Familial combined hypolipidemia is characterized by loss-of-function mutations in the gene for angiopoietin-like 3, which results in reductions in LDL-C, HDL-C and TG. A pooled analysis by Minicocci and colleagues found that although some patients with familial combined hypolipidemia may develop fatty liver, the prevalence was the same as that of the control group. Moreover, this analysis found that other patients were reported to be healthy. As mentioned earlier, the presence of multiple lipid abnormalities suggests that low LDL-C alone is not responsible for adverse effects in these genetic disorders.

Mutations in PCSK9

Individuals born with nonsense mutations in PCSK9 have lifelong low LDL-C levels conferring CV benefit. Patients with mutations interfering with PCSK9 have LDL-C levels well below the usual population average. They also have a reduction in CV events beyond what would be expected from clinical trials using LDL-lowering medications.
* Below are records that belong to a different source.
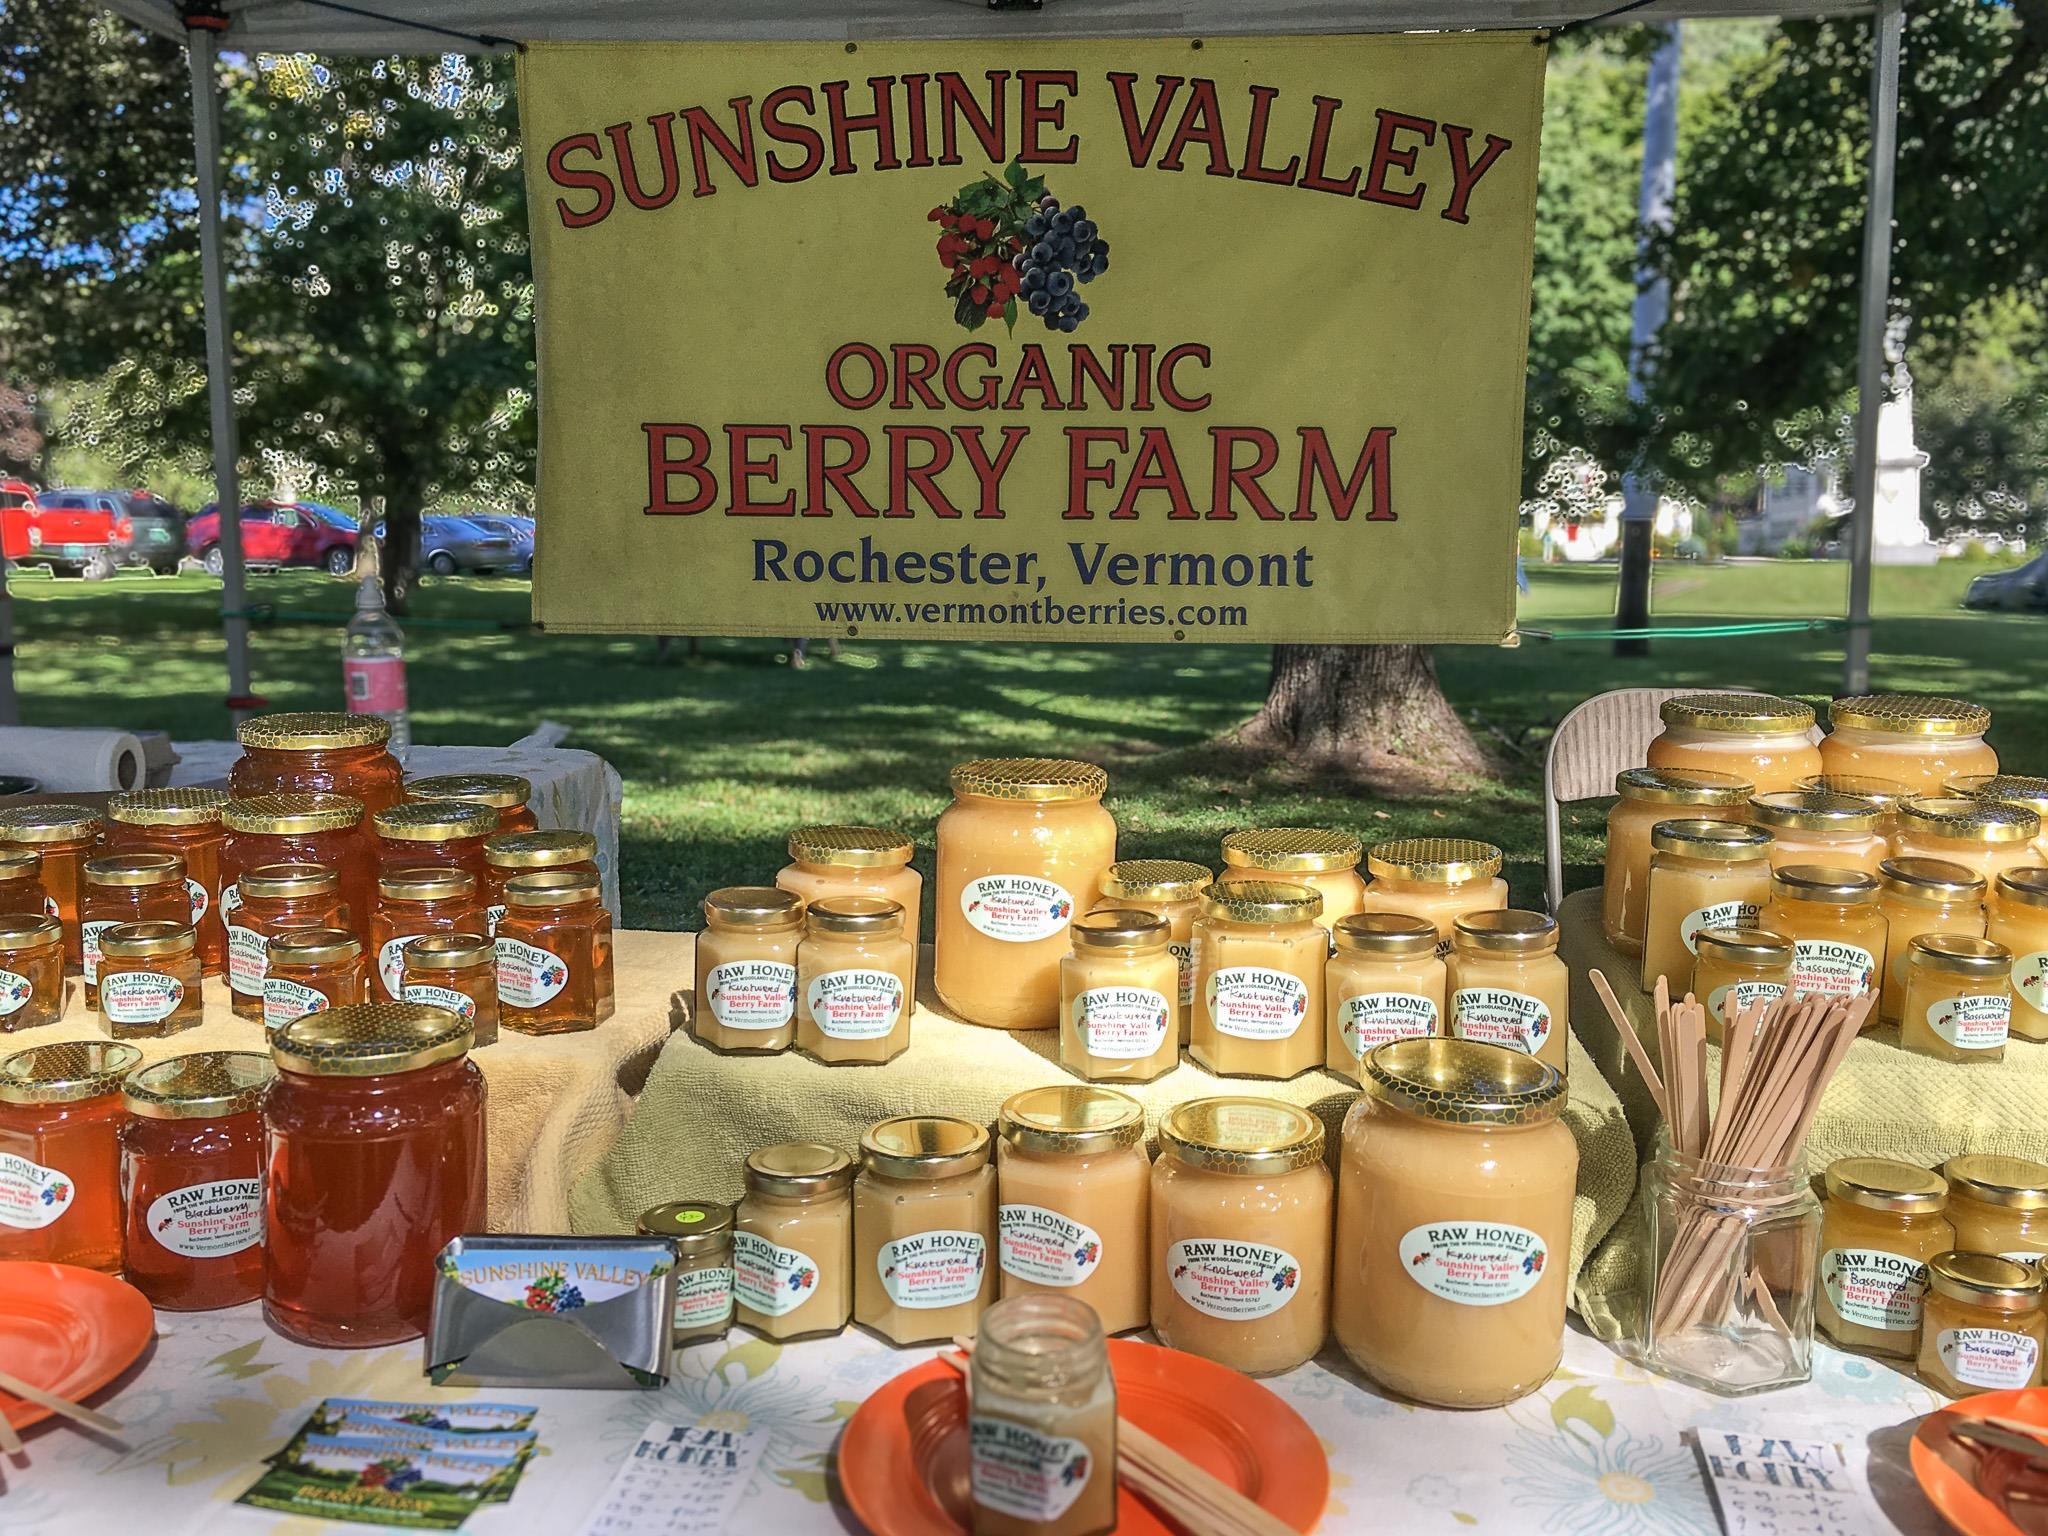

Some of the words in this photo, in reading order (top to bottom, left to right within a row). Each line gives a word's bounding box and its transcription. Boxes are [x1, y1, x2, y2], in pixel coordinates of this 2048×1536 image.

[546, 70, 1079, 229] SUNSHINE
[1107, 71, 1512, 224] VALLEY
[825, 341, 1212, 411] ORGANIC
[642, 422, 1030, 518] BERRY
[1062, 426, 1399, 522] FARM
[751, 537, 1047, 592] Rochester,
[1068, 541, 1313, 589] Vermont
[814, 598, 1248, 627] www.vermontberries.com
[978, 880, 1006, 892] RAW
[1011, 880, 1058, 896] HONEY
[984, 905, 1020, 914] Sunshine
[992, 912, 1014, 920] Berry
[1701, 906, 1732, 922] RAW
[510, 943, 550, 963] HONEY
[1819, 946, 1868, 964] HONEY
[717, 966, 745, 980] RAW
[751, 965, 795, 980] HONEY
[1796, 962, 1851, 976] Basswood
[132, 974, 173, 985] HONEY
[820, 975, 849, 990] RAW
[1215, 973, 1245, 987] RAW
[1252, 973, 1299, 992] HONEY
[1794, 980, 1821, 990] Berry
[1824, 982, 1851, 991] Farm
[1833, 975, 1861, 985] Valley
[280, 982, 314, 997] HONEY
[426, 988, 463, 1001] HONEY
[1758, 985, 1785, 995] HON
[729, 1001, 756, 1009] Berry
[1082, 993, 1109, 1008] RAW
[1220, 1000, 1260, 1010] Sunshine
[1265, 1004, 1291, 1013] Valley
[1351, 997, 1380, 1012] RAW
[1386, 997, 1432, 1012] HONEY
[1456, 994, 1481, 1006] RAW
[1488, 994, 1539, 1013] HONEY
[1953, 999, 1979, 1011] RAW
[832, 1010, 858, 1019] Berry
[1229, 1009, 1255, 1017] Berry
[1258, 1010, 1282, 1019] Farm
[1466, 1029, 1495, 1039] Berry
[1497, 1031, 1521, 1040] Farm
[1503, 1024, 1531, 1035] Valley
[5, 1157, 50, 1181] HONEY
[168, 1189, 204, 1208] RAW
[212, 1183, 259, 1198] HONE
[185, 1202, 248, 1219] Blackberry
[178, 1218, 226, 1228] Sunshine
[229, 1211, 259, 1222] Valley
[1000, 1211, 1026, 1223] RAW
[1032, 1212, 1086, 1240] HONEY
[189, 1227, 219, 1236] Berry
[223, 1221, 248, 1230] Farm
[1428, 1228, 1469, 1242] RAW
[1476, 1228, 1535, 1247] HONEY
[752, 1239, 799, 1265] HONEY
[892, 1238, 924, 1258] RAW
[1003, 1237, 1043, 1252] Sunshine
[1045, 1245, 1072, 1260] Valley
[1183, 1244, 1216, 1256] RAW
[1223, 1245, 1283, 1264] HONEY
[1012, 1247, 1038, 1260] Berry
[1040, 1253, 1063, 1265] Farm
[1835, 1254, 1867, 1266] RAW
[898, 1269, 942, 1279] Sunshine
[946, 1266, 974, 1275] Valley
[1203, 1263, 1264, 1279] Knotweed
[1435, 1258, 1486, 1271] Sunshine
[1491, 1263, 1520, 1272] Valley
[1861, 1267, 1896, 1277] WOODLANDS
[460, 1261, 569, 1287] SUNSHINE
[576, 1262, 649, 1287] VALLEY
[908, 1277, 938, 1286] Berry
[939, 1275, 965, 1283] Farm
[1190, 1271, 1236, 1286] Sunshine
[1239, 1279, 1270, 1290] Valley
[1447, 1268, 1478, 1280] Berry
[1482, 1272, 1509, 1280] Farm
[1850, 1271, 1907, 1292] Basswood
[1200, 1282, 1229, 1295] Berry
[1232, 1287, 1259, 1295] Farm
[1837, 1280, 1886, 1297] Sunshine
[1890, 1291, 1921, 1304] Valley
[1847, 1292, 1878, 1304] Berry
[1881, 1297, 1910, 1309] Farm
[1953, 1330, 1983, 1341] RAW
[1957, 1352, 2002, 1363] Sunshine
[1965, 1343, 2015, 1357] Basswood
[1967, 1359, 1994, 1370] Berry
[1996, 1363, 2018, 1372] Farm
This is probably explained by the long-term cumulative reduction in LDL-C starting at birth, driving lower events compared with the shorter time windows of clinical trials.
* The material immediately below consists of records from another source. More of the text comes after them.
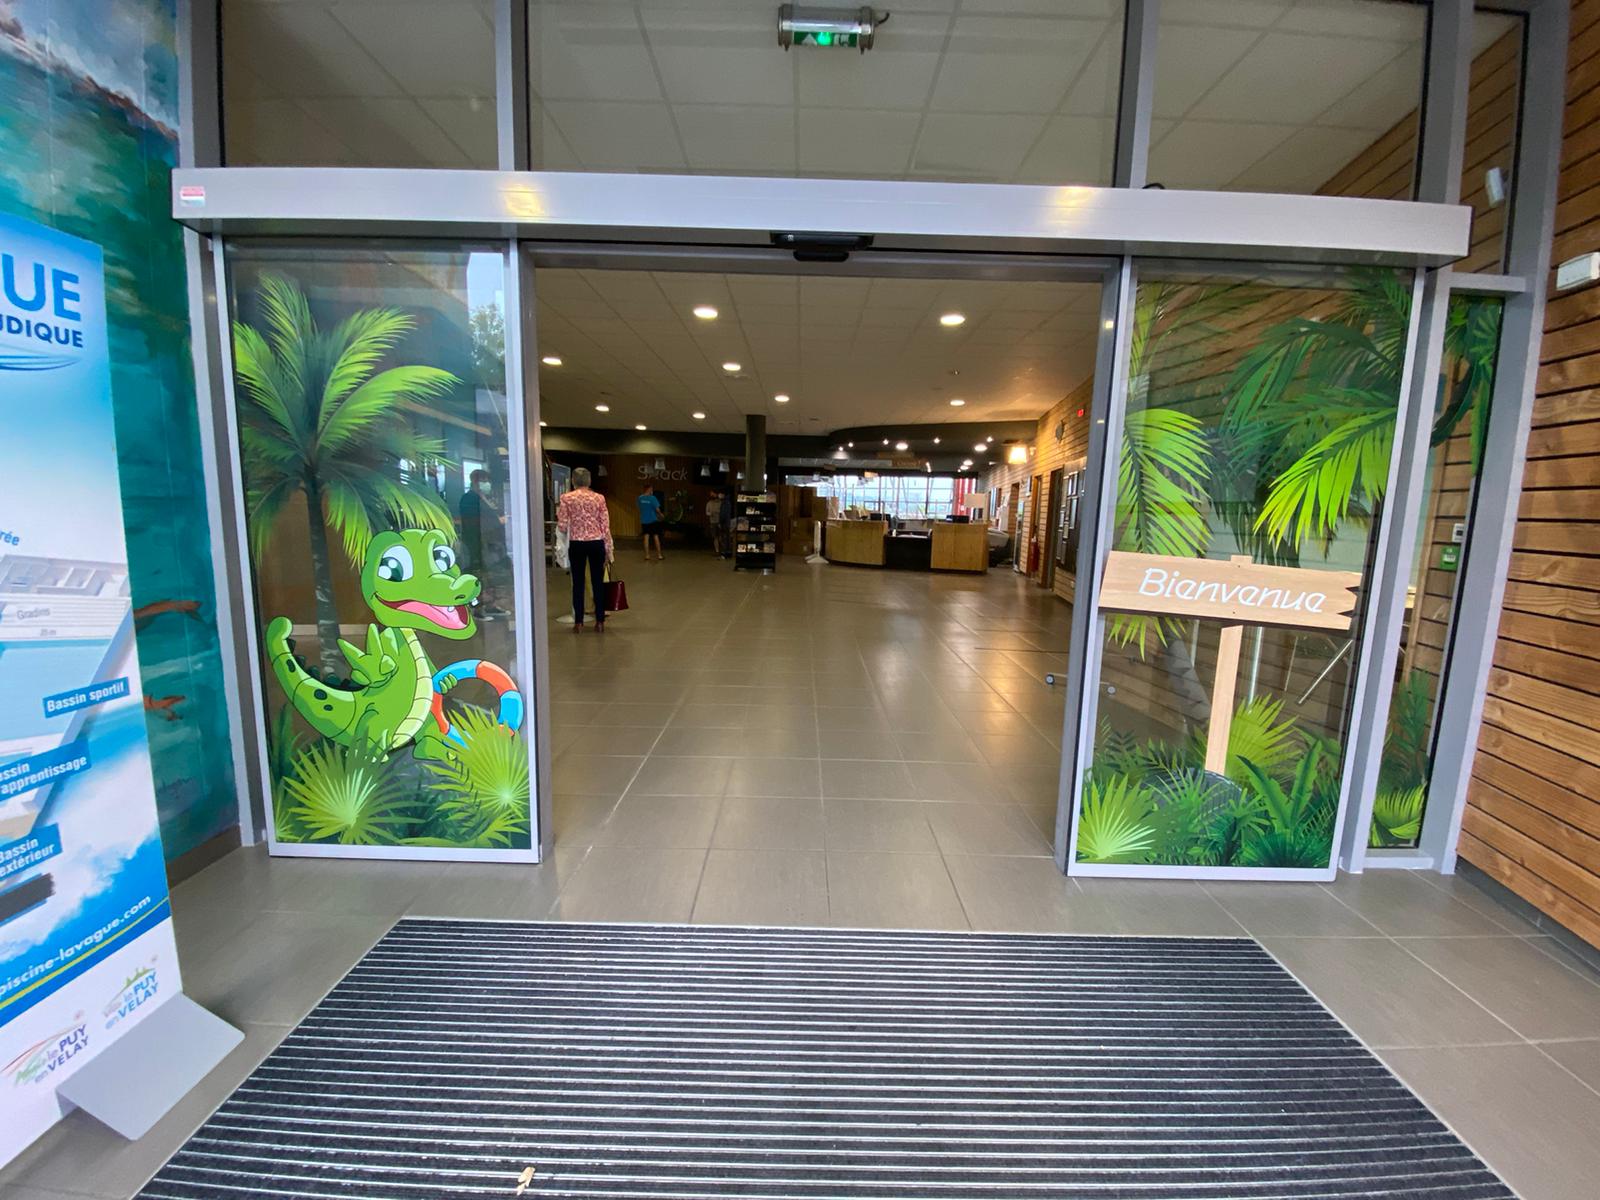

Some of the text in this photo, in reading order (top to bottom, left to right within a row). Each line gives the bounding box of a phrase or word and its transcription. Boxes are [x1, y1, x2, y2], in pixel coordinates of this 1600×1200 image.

[0, 313, 84, 348] DIQUE
[1138, 567, 1327, 613] Bienvenue
[47, 682, 125, 712] Bassin sportif
[1, 756, 87, 794] apprentissage
[118, 982, 158, 1018] VELAY
[133, 971, 156, 995] PUY
[47, 1035, 88, 1071] VELAY
[59, 1024, 86, 1052] PUY
In addition to the benefit of low LDL-C, patients with loss-of-function mutations in PCSK9 have been found to be generally free of any significant adverse effects due to lifetime lower LDL-C levels. A UK Biobank study found that loss of function mutations in PCSK9 were not associated with increased A1c or glucose, hepatobiliary adverse events, or neurocognitive dysfunction. Analysis of two loss-of-function mutations in PCSK9 in the Quebec founder population showed no effect on the prevalence or age of onset of Alzheimer's disease or on neurocognitive function.
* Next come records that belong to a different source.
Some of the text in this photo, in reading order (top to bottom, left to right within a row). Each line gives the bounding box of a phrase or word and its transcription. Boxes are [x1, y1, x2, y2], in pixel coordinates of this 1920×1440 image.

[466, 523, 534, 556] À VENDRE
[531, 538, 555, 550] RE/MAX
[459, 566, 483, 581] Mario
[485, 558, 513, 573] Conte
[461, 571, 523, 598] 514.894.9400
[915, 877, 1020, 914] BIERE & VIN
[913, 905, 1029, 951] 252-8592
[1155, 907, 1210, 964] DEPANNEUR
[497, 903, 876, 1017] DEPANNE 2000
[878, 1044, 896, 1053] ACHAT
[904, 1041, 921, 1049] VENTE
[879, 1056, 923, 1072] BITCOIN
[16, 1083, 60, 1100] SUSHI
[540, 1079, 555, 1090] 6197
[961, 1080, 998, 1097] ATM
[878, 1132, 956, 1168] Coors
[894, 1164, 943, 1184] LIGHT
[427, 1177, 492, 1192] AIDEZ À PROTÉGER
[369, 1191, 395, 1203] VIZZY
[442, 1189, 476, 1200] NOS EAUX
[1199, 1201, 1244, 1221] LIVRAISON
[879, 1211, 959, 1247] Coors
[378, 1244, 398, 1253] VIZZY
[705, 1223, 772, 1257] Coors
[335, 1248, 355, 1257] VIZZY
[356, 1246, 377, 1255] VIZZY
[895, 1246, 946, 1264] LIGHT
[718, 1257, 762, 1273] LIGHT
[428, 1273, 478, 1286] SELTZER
Studies Evaluating Steroid Hormone Synthesis

Despite concern that low levels of LDL-C would diminish steroid hormone synthesis, data from randomized clinical trials have found that reduction in LDL-C by lovastatin, pravastatin, and simvastatin and reduction of LDL-C to low levels by evolocumab and rosuvastatin are not associated with clinically important adverse effects on adrenal and gonadal hormones. Randomized trials of lovastatin, simvastatin, and pravastatin did not find reductions in basal levels of cortisol or cortisol stimulated by adrenocorticotropic hormone (ACTH). Furthermore, studies of simvastatin 20 mg and 40 mg and pravastatin 40 mg compared with placebo found no differences in basal or stimulated testosterone, free testosterone, luteinizing hormone, or follicle-stimulating hormone. However, in one placebo-controlled trial of atorvastatin 80 mg, bioavailable testosterone was reduced by 10%, whereas total and free testosterone were unchanged. Although the clinical significance is unclear, statins do not cause hypogonadism or erectile dysfunction. A randomized trial of simvastatin 40 mg compared with placebo found no change in the menstrual cycle in women of reproductive age.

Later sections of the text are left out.